# 4. Importing and Exporting Data

In this notebook, we will explore how to import data from various sources (CSV, Excel, JSON, SQL, APIs) into Pandas DataFrames and export data to different formats. We will also discuss common errors and how to handle them.

## Topics Covered:
- Reading data from CSV, Excel, JSON, SQL, and APIs
- Exporting data to CSV, Excel, and other formats
- Handling file paths and common errors
- Practical: Reading and saving datasets

## Reading Data from CSV

Comma-Separated Values (CSV) files are one of the most common formats for tabular data.
We will use the COVID-19 dataset from Indonesia as an example.

### Steps:
1. Use the `read_csv` function from Pandas.
2. Specify the file path.
3. Use parameters like `delimiter`, `header`, and `index_col` as needed.

In [None]:
import pandas as pd

# Reading data from a CSV file
csv_file = '../DataSets/Data_COVID19_Indonesia.csv'
try:
    covid_data = pd.read_csv(csv_file)
    print(covid_data.head())
except FileNotFoundError:
    print(f'Error: The file {csv_file} does not exist. Please check the file path.')

## Reading Data from Excel

Excel files are often used for sharing structured data. Pandas provides the `read_excel` function to work with Excel files.

We will use the IMF Investment and Capital Stock dataset as an example.

### Steps:
1. Use the `read_excel` function from Pandas.
2. Specify the sheet name using the `sheet_name` parameter.
3. Check for missing values and column types.

In [None]:
# Reading data from an Excel file
excel_file = '../DataSets/IMFInvestmentandCapitalStockDataset2021.xlsx'
try:
    imf_data = pd.read_excel(excel_file, sheet_name='Datasets')
    print(imf_data.head())
except FileNotFoundError:
    print(f'Error: The file {excel_file} does not exist. Please check the file path.')

## Reading Data from JSON

JSON (JavaScript Object Notation) is widely used for APIs and web data. Pandas can easily handle JSON files using the `read_json` function.

We will use a mock signup dataset in JSON format as an example.

### Steps:
1. Use the `read_json` function from Pandas.
2. Specify the file path.
3. Use parameters like `orient` for nested JSON files.

In [None]:
# Reading data from a JSON file
json_file = '../DataSets/users.JSON'
try:
    json_data = pd.read_json(json_file)
    print(json_data.head())
except ValueError:
    print(f'Error: Unable to parse JSON file {json_file}. Check the file content.')

## Reading Data from SQL

Structured Query Language (SQL) databases are widely used for storing large datasets. Pandas provides the `read_sql_query` function to query databases.
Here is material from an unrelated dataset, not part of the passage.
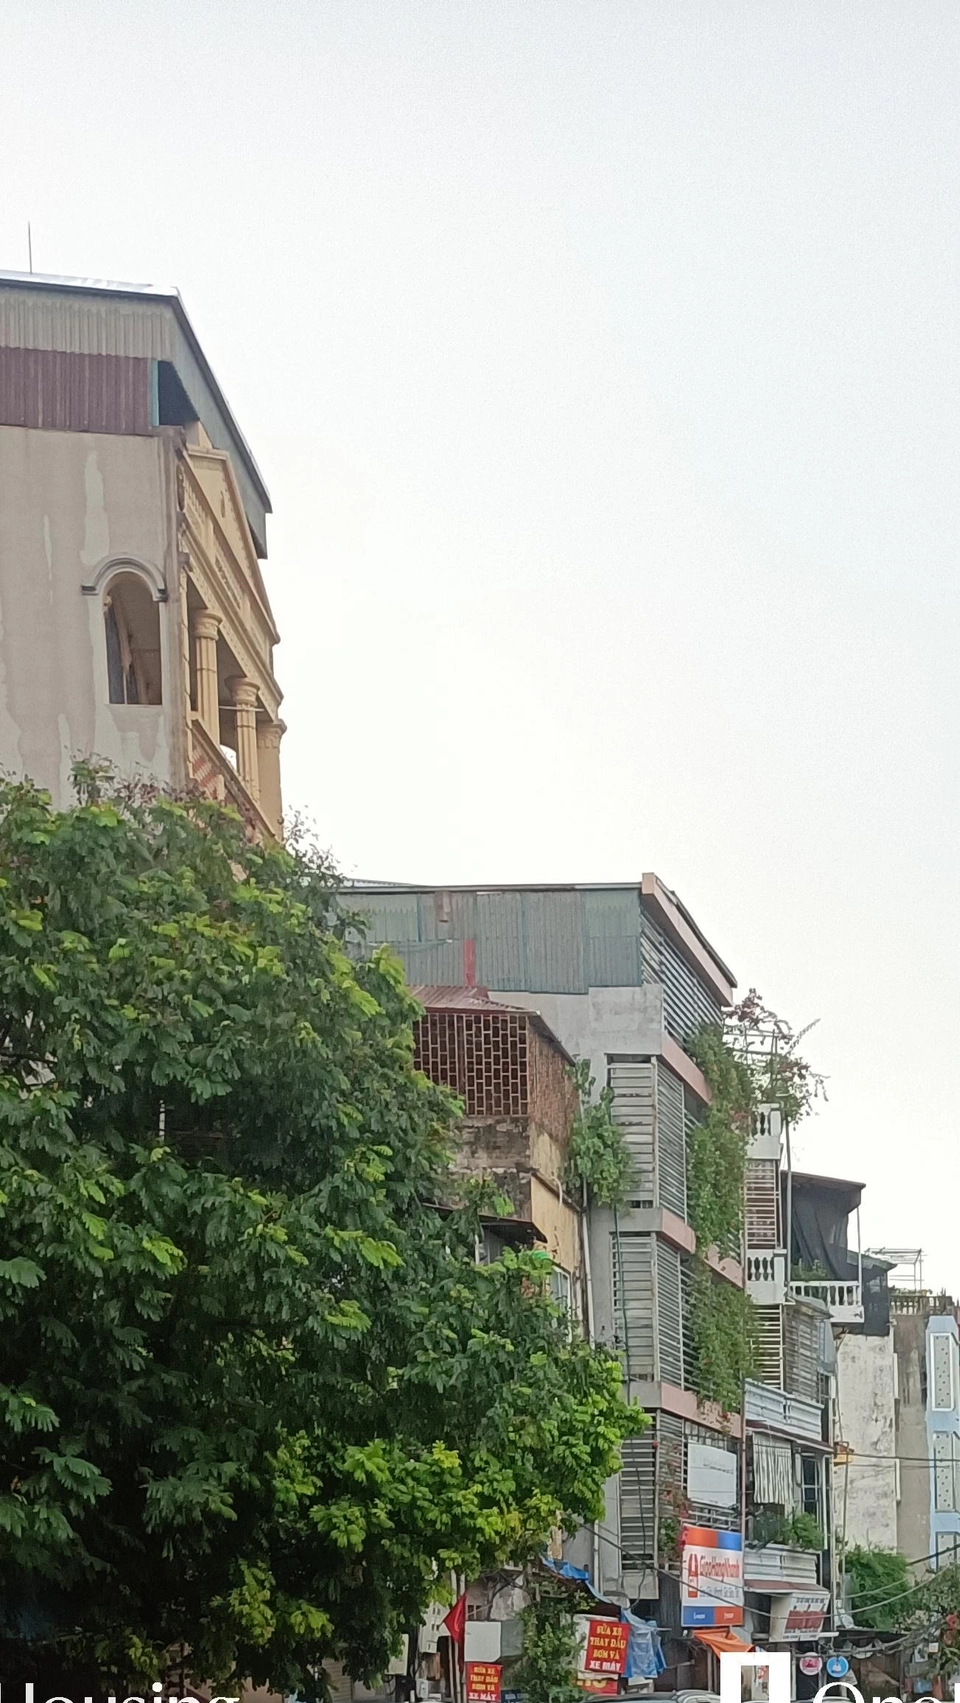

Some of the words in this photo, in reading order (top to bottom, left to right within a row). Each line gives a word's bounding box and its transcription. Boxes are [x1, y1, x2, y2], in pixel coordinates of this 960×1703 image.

We will use a mock signup dataset stored in an SQL database as an example.

### Steps:
1. Use the `sqlite3` library to connect to the database.
2. Write a SQL query to fetch data.
3. Use the `read_sql_query` function to load the data into a Pandas DataFrame.

In [None]:
# Reading data from an SQL database
import sqlite3

# Connect to the database
sql_file = '../DataSets/mock_signup.db'
try:
    connection = sqlite3.connect(sql_file)
    sql_query = 'SELECT * FROM mock_signup'
    sql_data = pd.read_sql_query(sql_query, connection)
    print(sql_data.head())
except sqlite3.DatabaseError:
    print(f'Error: Unable to connect to the database {sql_file}. Check the file and query.')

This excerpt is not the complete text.